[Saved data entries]
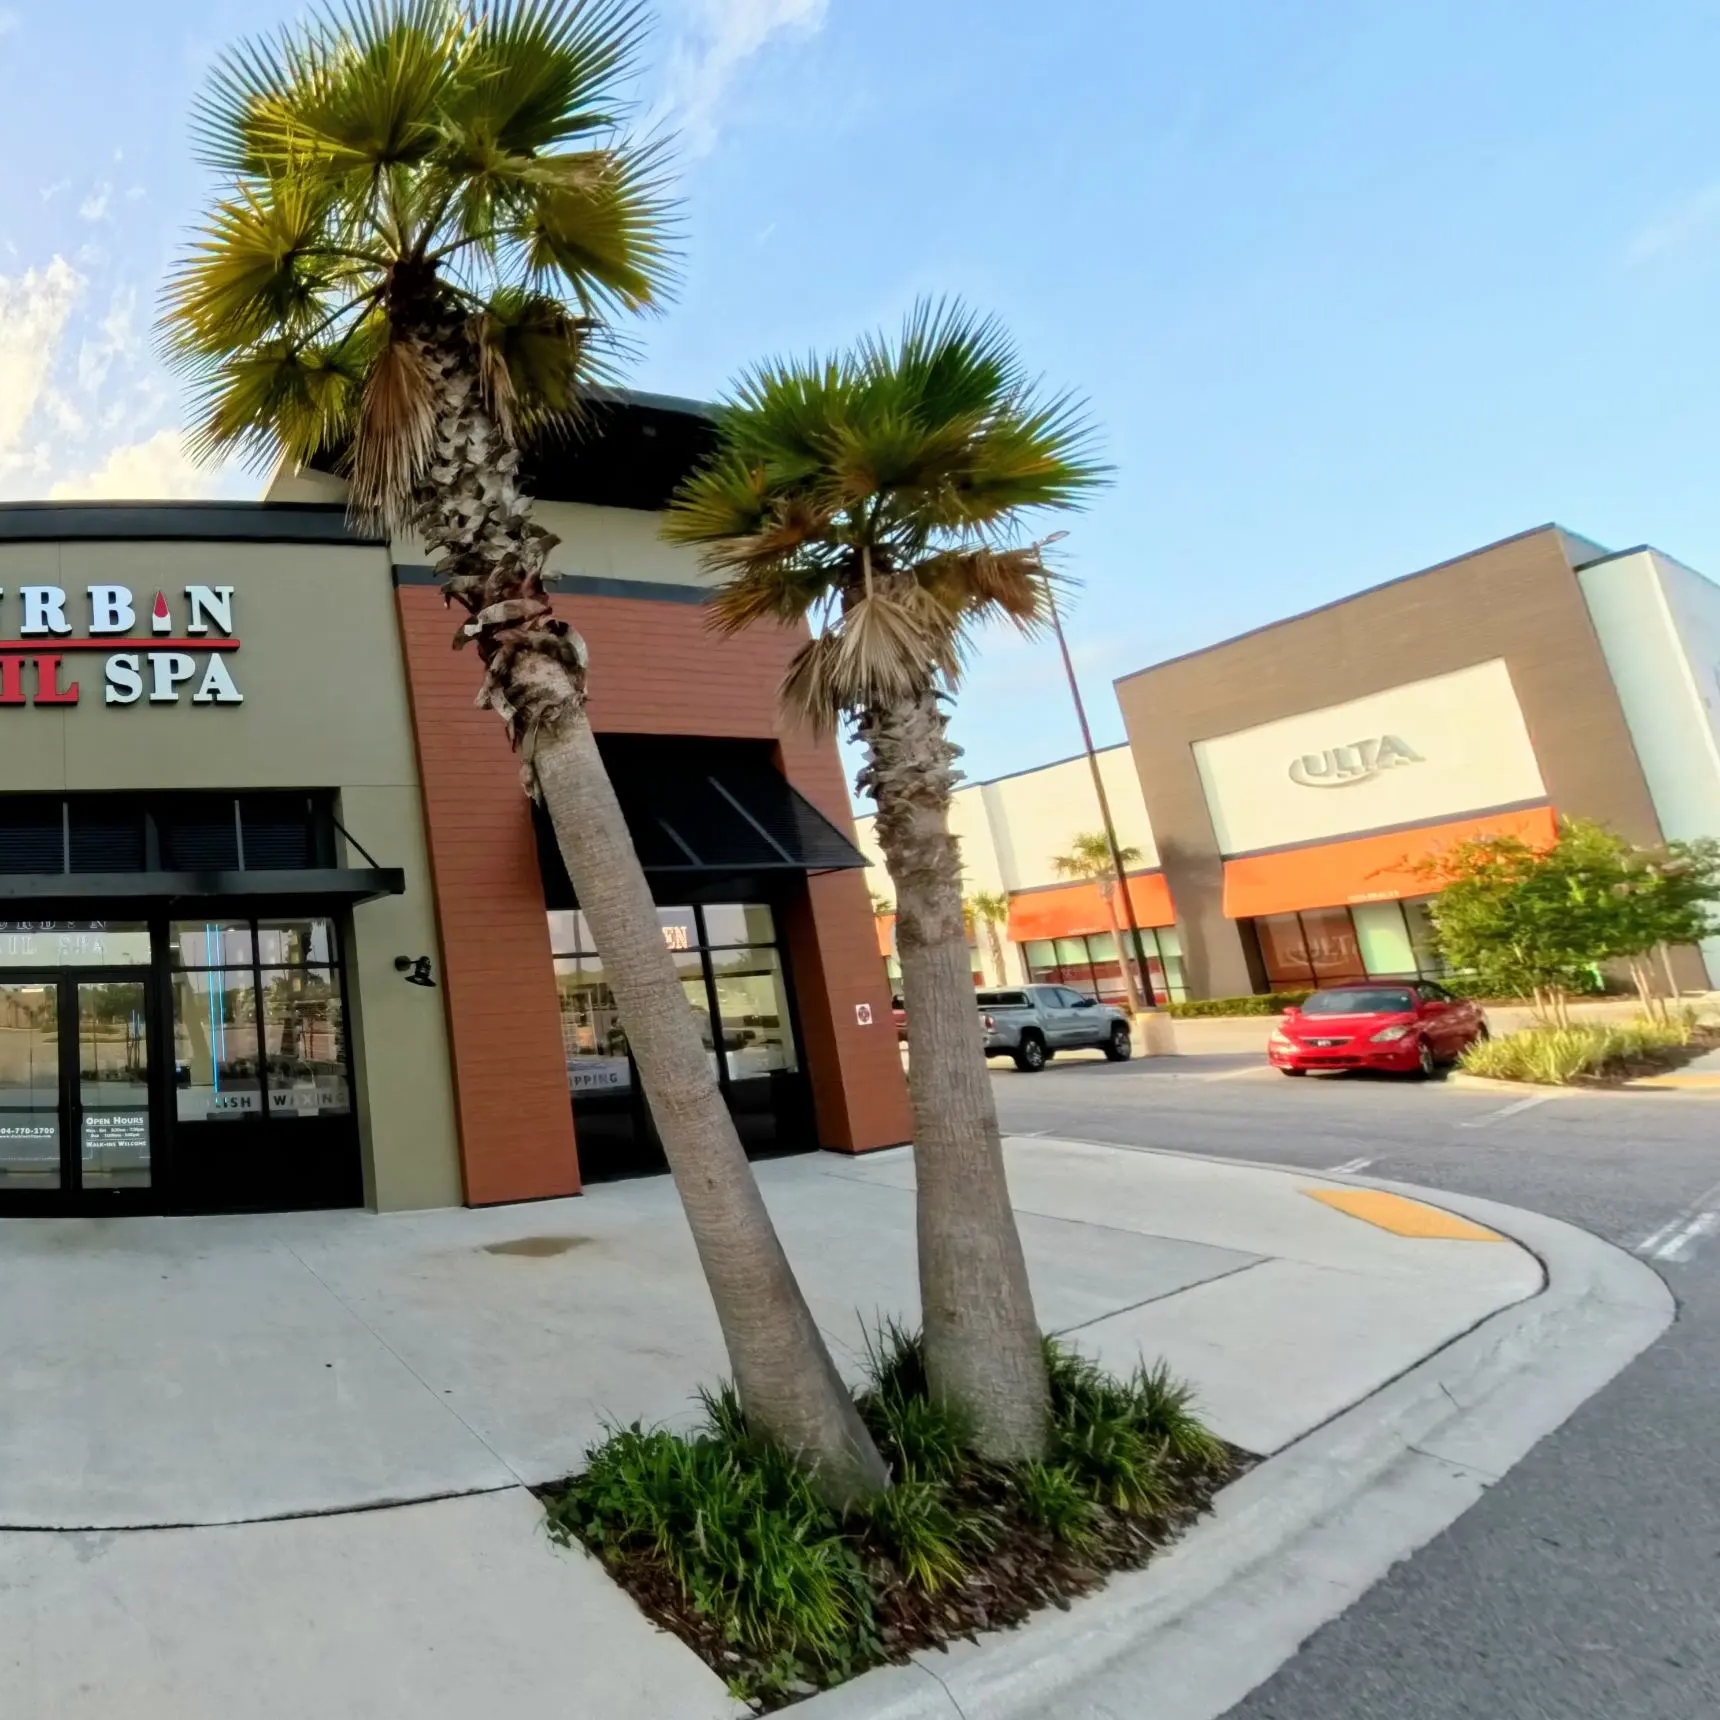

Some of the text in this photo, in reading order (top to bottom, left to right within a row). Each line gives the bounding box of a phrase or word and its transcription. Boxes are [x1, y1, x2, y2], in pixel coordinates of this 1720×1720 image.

[105, 652, 245, 705] SPA
[1299, 734, 1427, 778] ULTA
[662, 926, 689, 950] EN
[568, 1072, 618, 1087] IPPING
[86, 1116, 144, 1125] OPEN HOURS
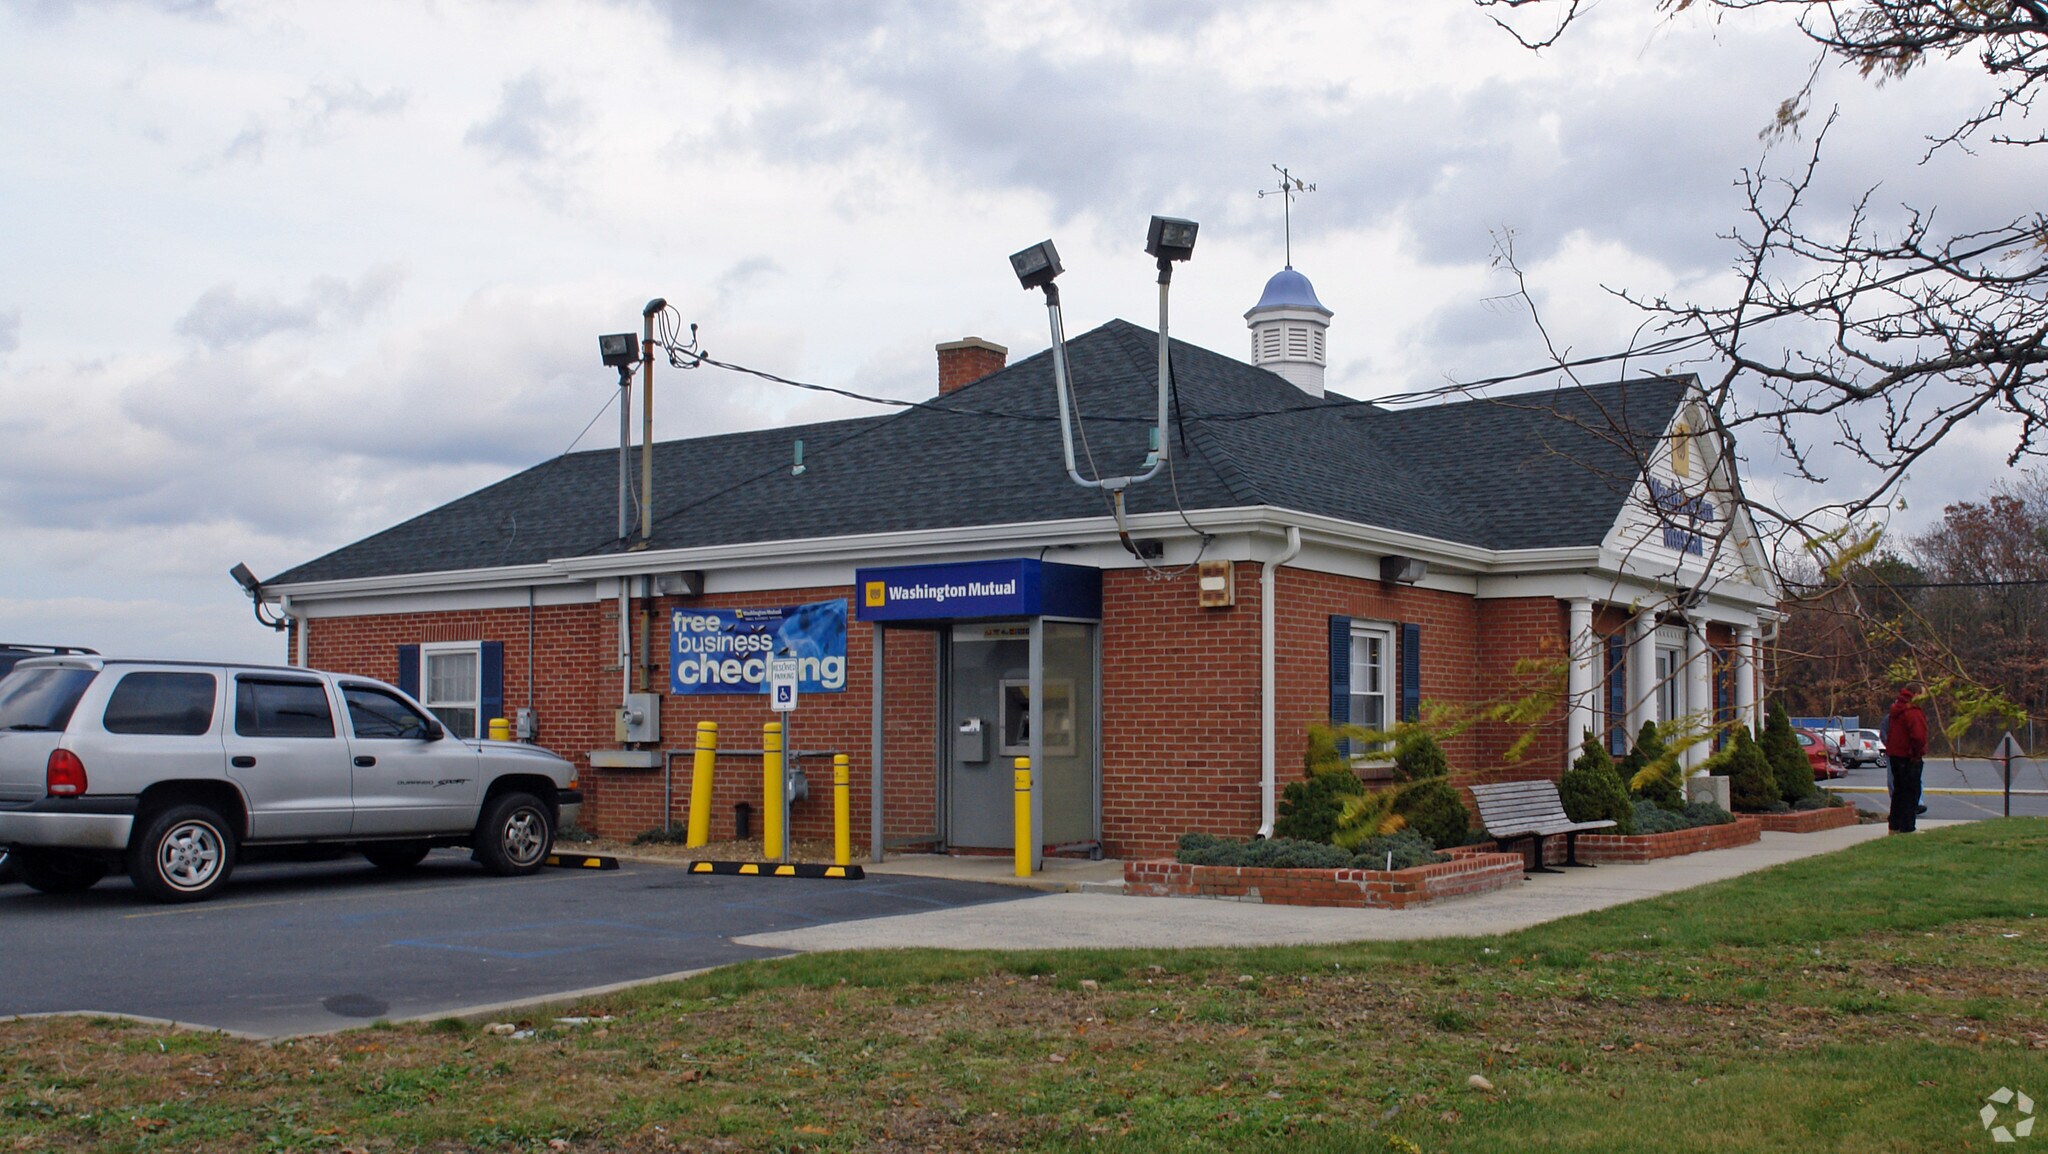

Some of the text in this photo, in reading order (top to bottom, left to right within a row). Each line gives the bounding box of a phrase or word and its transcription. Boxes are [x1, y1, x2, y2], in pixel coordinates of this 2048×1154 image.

[888, 579, 1016, 603] Washington Mutual
[673, 611, 721, 633] free
[678, 632, 773, 653] business
[678, 651, 845, 688] checng

*WHAT IS REQUIRED*
For this exercise, please reproduce the records above exactly and drop the images.

*WRITTEN ANSWER*
Some of the text in this photo, in reading order (top to bottom, left to right within a row). Each line gives the bounding box of a phrase or word and its transcription. Boxes are [x1, y1, x2, y2], in pixel coordinates of this 1720×1720 image.

[105, 652, 245, 705] SPA
[1299, 734, 1427, 778] ULTA
[662, 926, 689, 950] EN
[568, 1072, 618, 1087] IPPING
[86, 1116, 144, 1125] OPEN HOURS

Some of the text in this photo, in reading order (top to bottom, left to right within a row). Each line gives the bounding box of a phrase or word and its transcription. Boxes are [x1, y1, x2, y2], in pixel coordinates of this 2048×1154 image.

[888, 579, 1016, 603] Washington Mutual
[673, 611, 721, 633] free
[678, 632, 773, 653] business
[678, 651, 845, 688] checng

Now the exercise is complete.